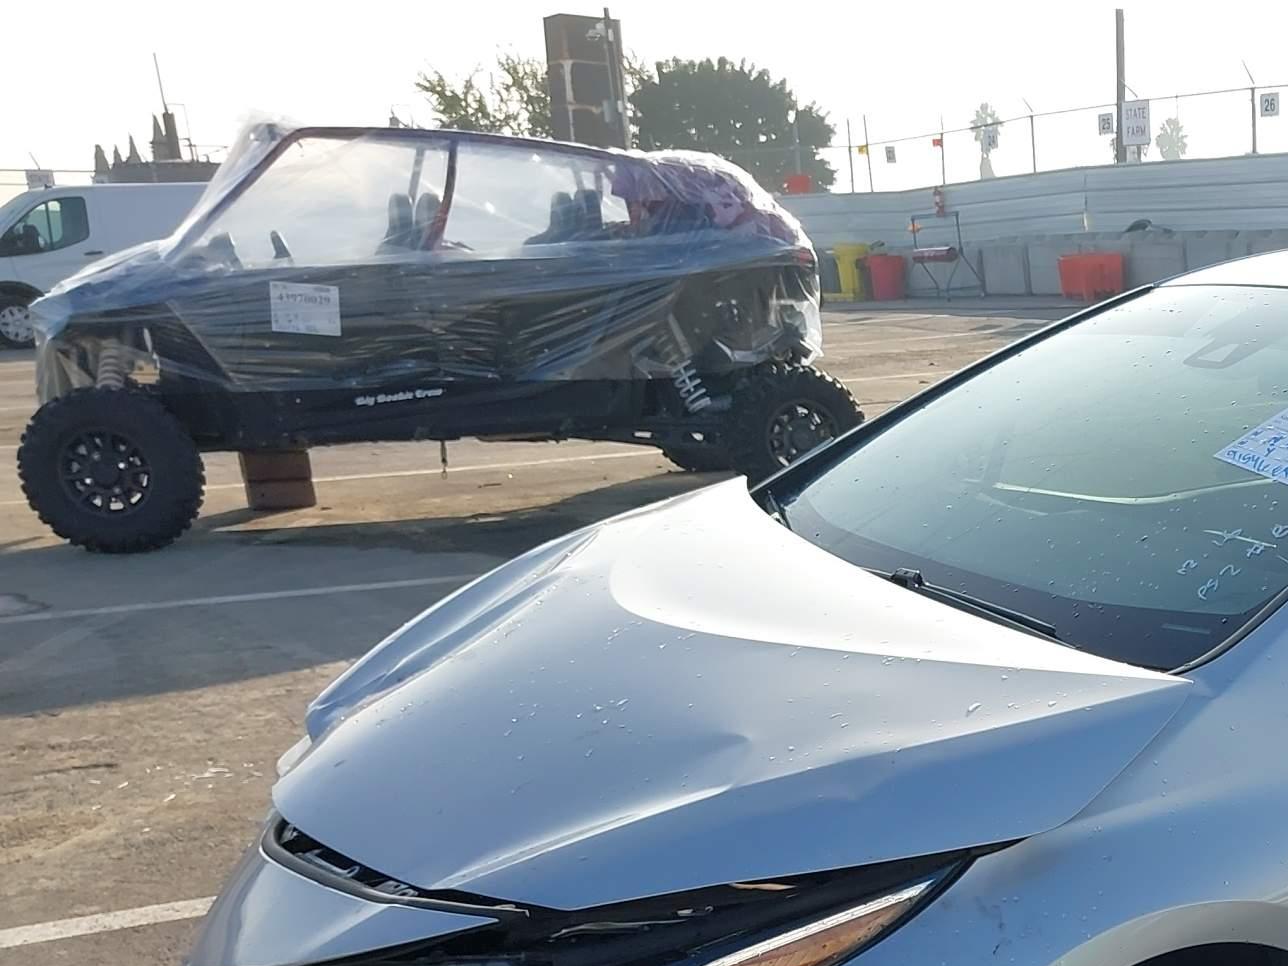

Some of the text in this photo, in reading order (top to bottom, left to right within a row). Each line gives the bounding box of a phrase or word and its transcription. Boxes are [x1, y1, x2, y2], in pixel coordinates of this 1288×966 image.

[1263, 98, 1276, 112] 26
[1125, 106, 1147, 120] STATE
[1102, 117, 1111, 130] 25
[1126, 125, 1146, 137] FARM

#### PROBLEM DESCRIPTION:
Transcribe the full listing exactly, but keep every image out of it.

#### RESPONSE TO THIS TASK:
Some of the text in this photo, in reading order (top to bottom, left to right within a row). Each line gives the bounding box of a phrase or word and its transcription. Boxes are [x1, y1, x2, y2], in pixel coordinates of this 1288×966 image.

[1263, 98, 1276, 112] 26
[1125, 106, 1147, 120] STATE
[1102, 117, 1111, 130] 25
[1126, 125, 1146, 137] FARM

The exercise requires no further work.